Task goal: Transcribe the listing in full, excluding any pictures.
Start of Block
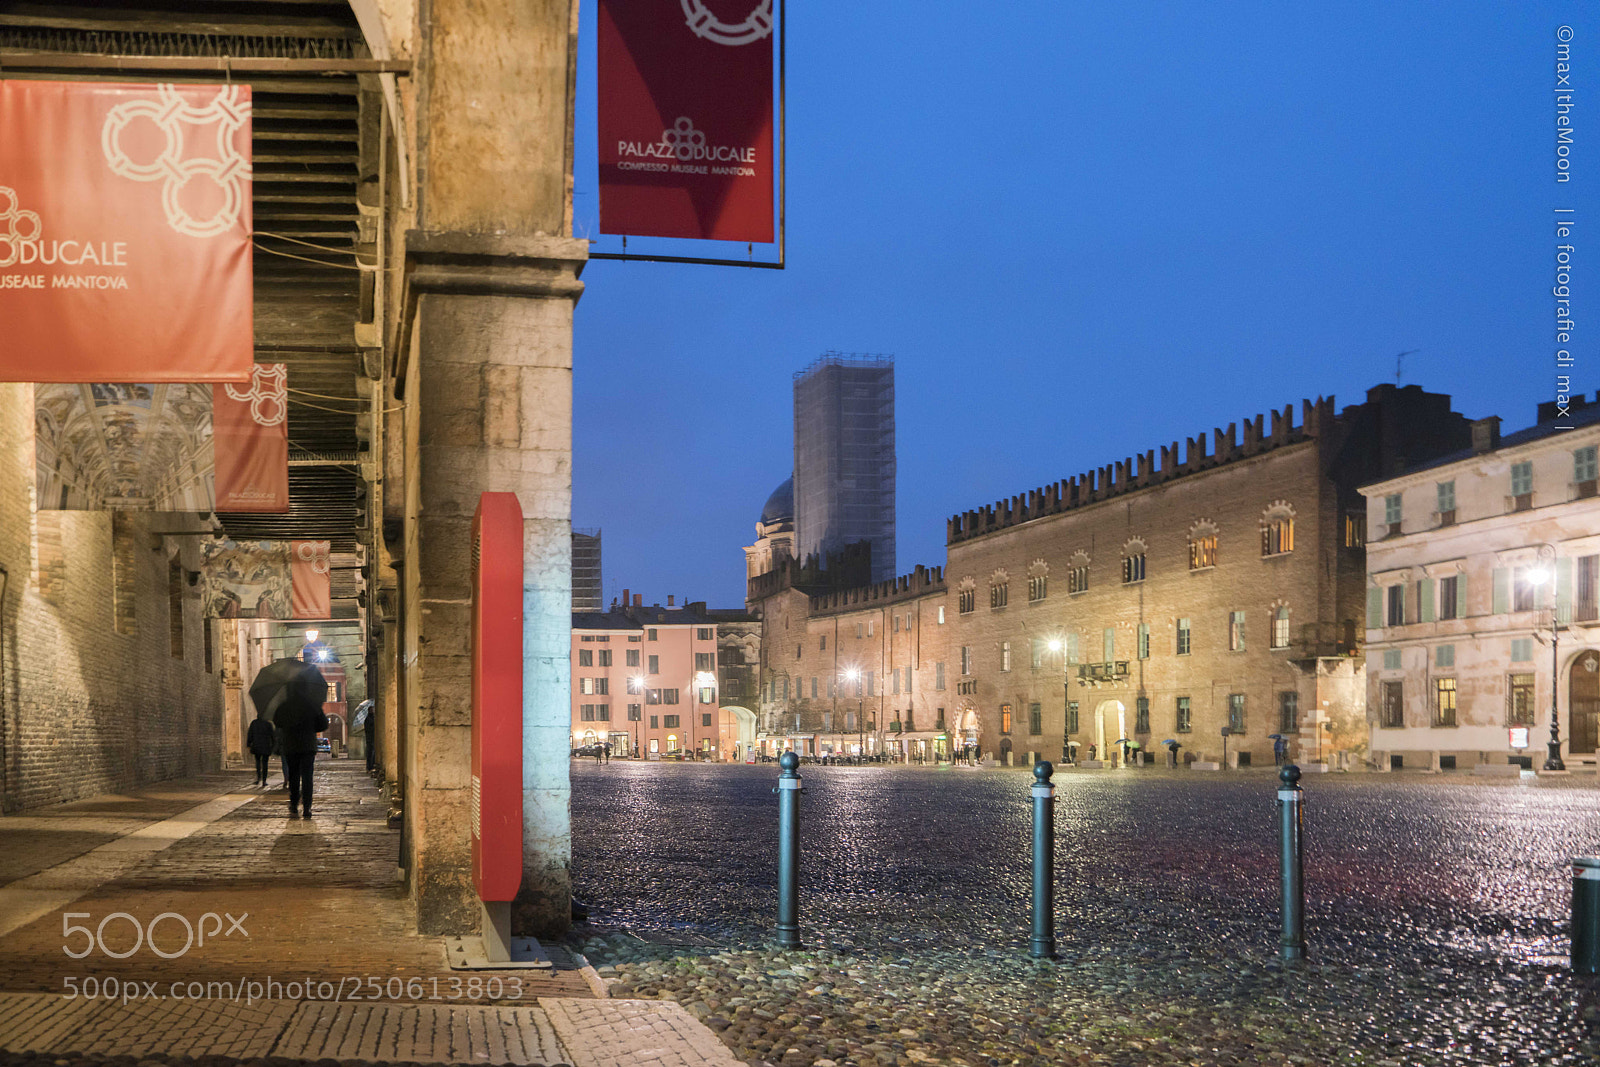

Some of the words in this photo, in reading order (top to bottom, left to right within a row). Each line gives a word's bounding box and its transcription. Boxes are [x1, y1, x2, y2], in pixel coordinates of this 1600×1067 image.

[617, 161, 669, 173] COMPLESSO
[670, 164, 708, 175] MUSEALE
[711, 166, 756, 177] MANTOVA
[51, 274, 129, 290] MANTOVA
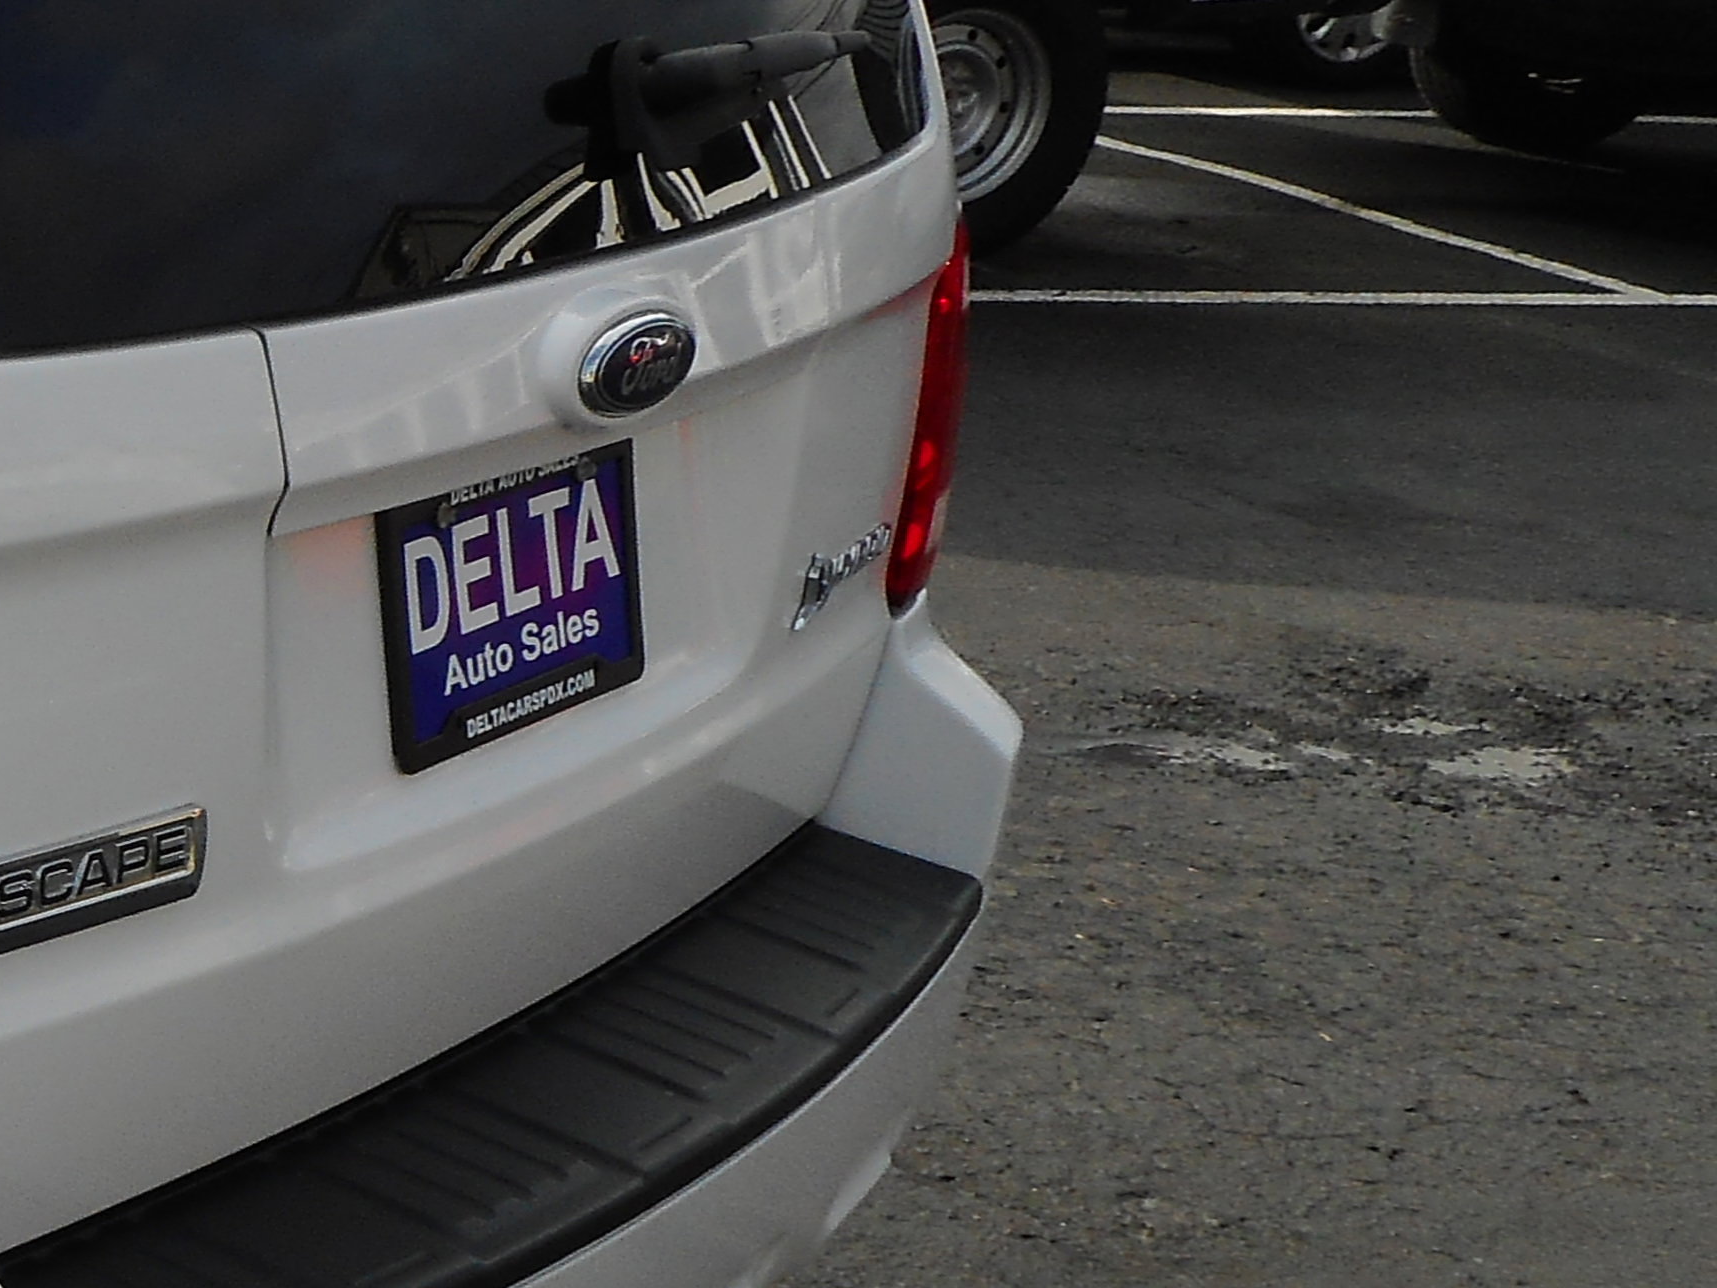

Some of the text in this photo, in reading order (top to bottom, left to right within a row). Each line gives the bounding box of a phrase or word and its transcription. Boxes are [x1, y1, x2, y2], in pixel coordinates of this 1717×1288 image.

[403, 478, 621, 656] DELTA
[443, 607, 601, 697] Auto Sales
[466, 669, 595, 740] DELTACARSPDX.COM
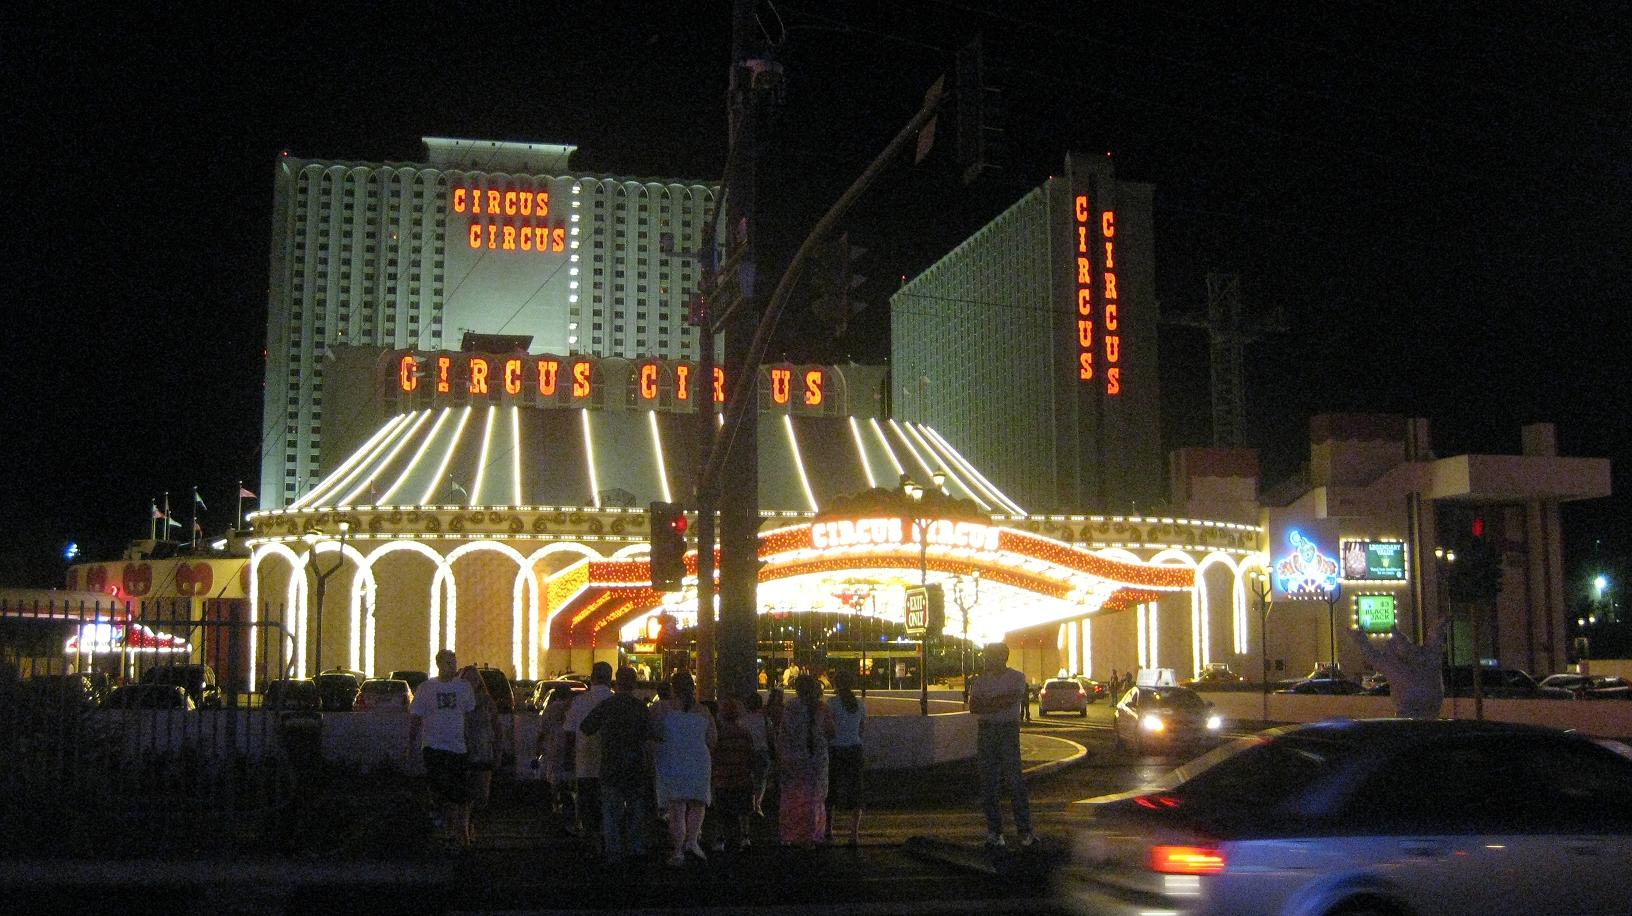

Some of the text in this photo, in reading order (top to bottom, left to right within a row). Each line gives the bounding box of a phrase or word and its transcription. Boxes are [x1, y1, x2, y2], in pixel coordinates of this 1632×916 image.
End of Block
Expected answer:
Some of the words in this photo, in reading order (top to bottom, left to right within a row). Each line gives a word's bounding box and its transcription. Boxes are [x1, y1, x2, y2], in pixel coordinates of this 1600×1067 image.

[617, 161, 669, 173] COMPLESSO
[670, 164, 708, 175] MUSEALE
[711, 166, 756, 177] MANTOVA
[51, 274, 129, 290] MANTOVA

Some of the text in this photo, in reading order (top to bottom, left to right within a row). Each line gives the bounding box of a phrase or word and its transcription. Boxes are [x1, y1, x2, y2], in pixel coordinates of this 1717×1288 image.

[403, 478, 621, 656] DELTA
[443, 607, 601, 697] Auto Sales
[466, 669, 595, 740] DELTACARSPDX.COM

Some of the text in this photo, in reading order (top to bottom, left to right within a row). Each line gives the bounding box of a phrase or word and its transcription. Boxes are [x1, y1, x2, y2], in pixel coordinates of this 1632×916 image.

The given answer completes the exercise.